For experts, the comparison of the prime-target pairs m/m and c/m revealed t(16) = 0.72 with p > 0.05. The comparison of the prime-target pairs c/c and m/c showed t(16) = −0.55 with p > 0.05. Moreover, for intermediates, the comparison of the prime-target pairs m/m and c/m revealed t(14) = −0.24 and p > 0.05. In addition, the comparison of the prime-target pairs c/c and m/c showed t(14) = −0.04 and p > 0.05. Finally, for novices the comparison of the prime-target pairs m/m and c/m revealed t(14) = −1.68 and p > 0.05; and, the comparison of the prime-target pairs c/c and m/c showed t(14) = −0.16 and p > 0.05.
Discussion
In this study, our first goal was to scrutinize chess players' visuocognitive performance by manipulating the prime-target complexity (chessboard size and chess level of threat, i.e., check vs. mate) in two different experimental settings (i.e., check/ mate detection). In order to achieve this, we measured the correctness of the responses and RT among three groups of different proficiency (i.e., experts, intermediates and novices) under special consideration of the priming congruency. For both settings, we hypothesized that experts and intermediates would show significantly more correct responses than novices. No differences were found concerning the amount of the correct responses among all groups in setting 1. However, in setting 2 experts responded significantly more accurately compared to intermediates and novices. Further, intermediates provided a better performance of correctness than novices.
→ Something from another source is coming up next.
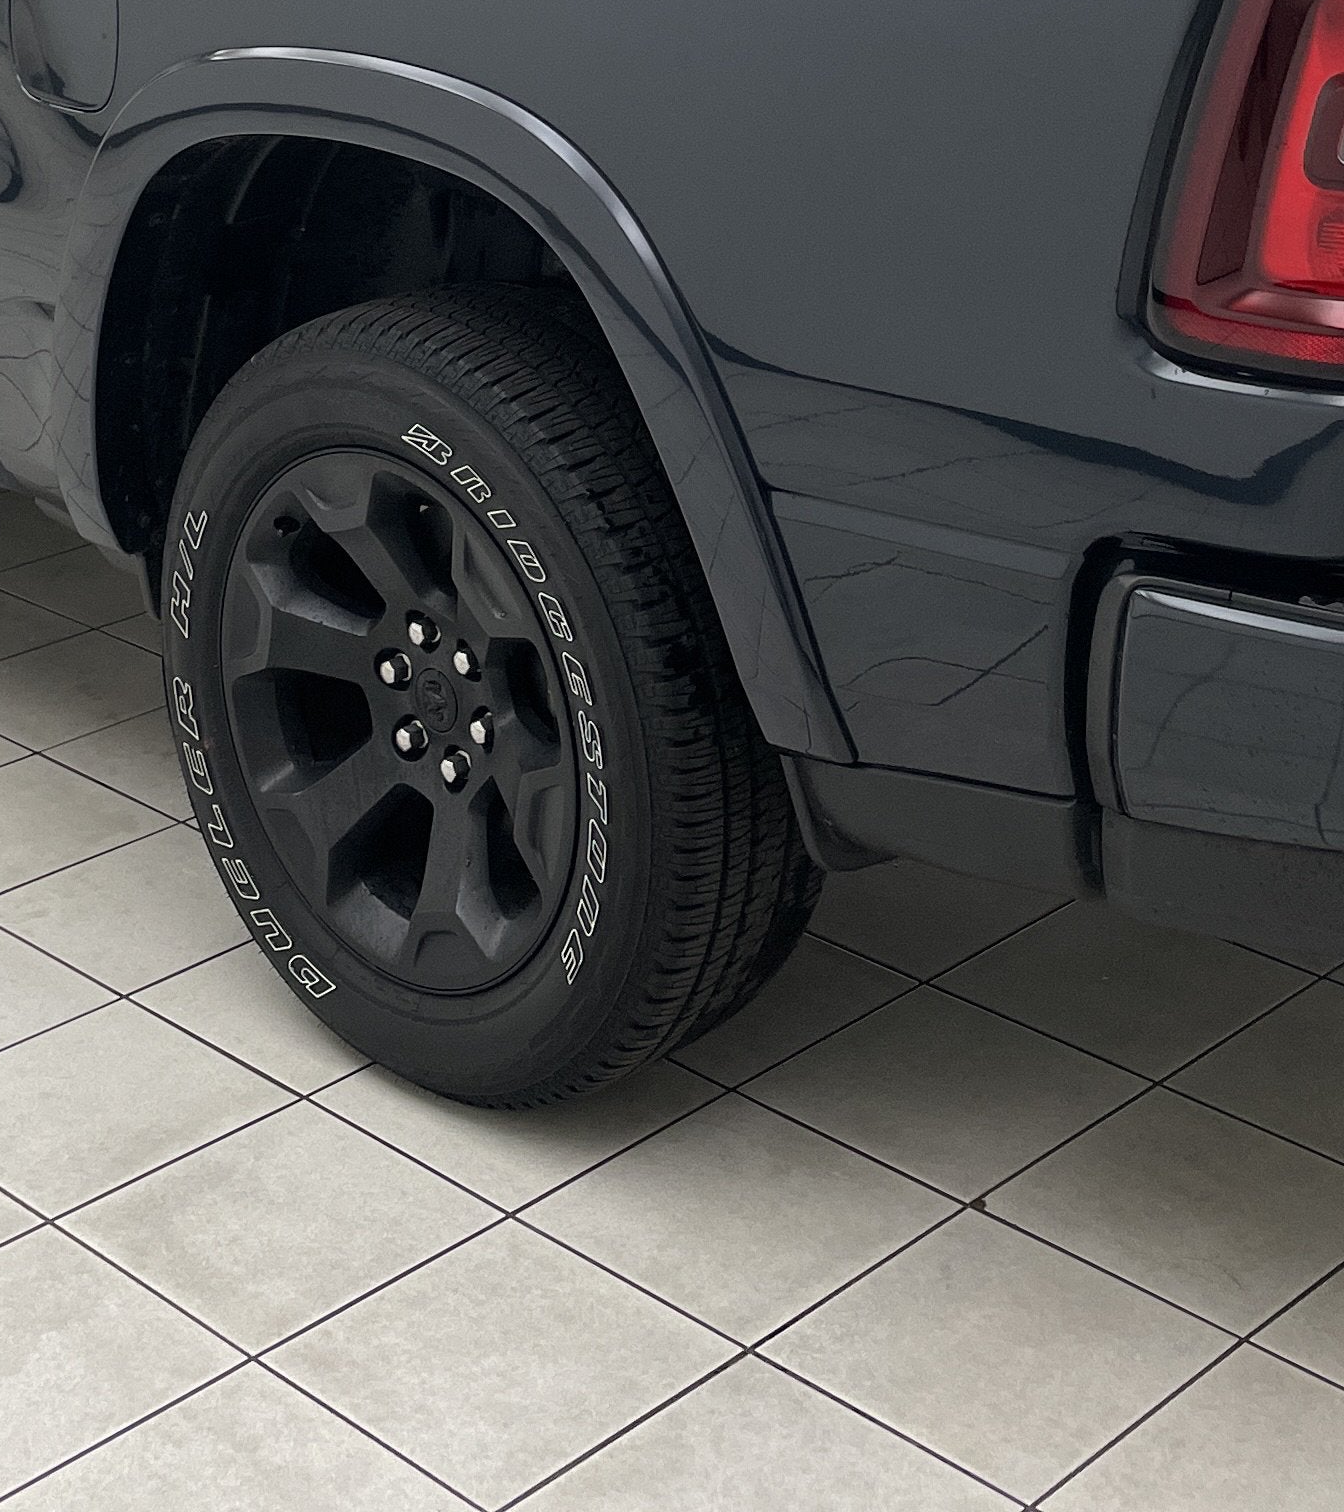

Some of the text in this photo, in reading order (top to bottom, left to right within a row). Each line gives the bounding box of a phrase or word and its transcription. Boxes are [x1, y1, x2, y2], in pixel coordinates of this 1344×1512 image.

[170, 510, 337, 999] DUELER H/L
[400, 423, 608, 985] BRIDGESTONE
According to the existing findings, we assumed that experts would show a significantly shorter RT than the other, less skilled groups. Finally, we expected to reveal a congruency-priming-effect for experts. The results confirm existing findings of Kiesel et al. (2009) and partly our assumption that expertise is consistent to the information processing rate but limited through the prime-target complexity. Regarding the between-group differences for RT, we were able to show that experts responded significantly faster than intermediates and novices in both settings (complexity manipulation in a static constellation). These performance differences were also measured for both conditions (congruent/incongruent). Hence, experts provide a superior visuocognitive performance.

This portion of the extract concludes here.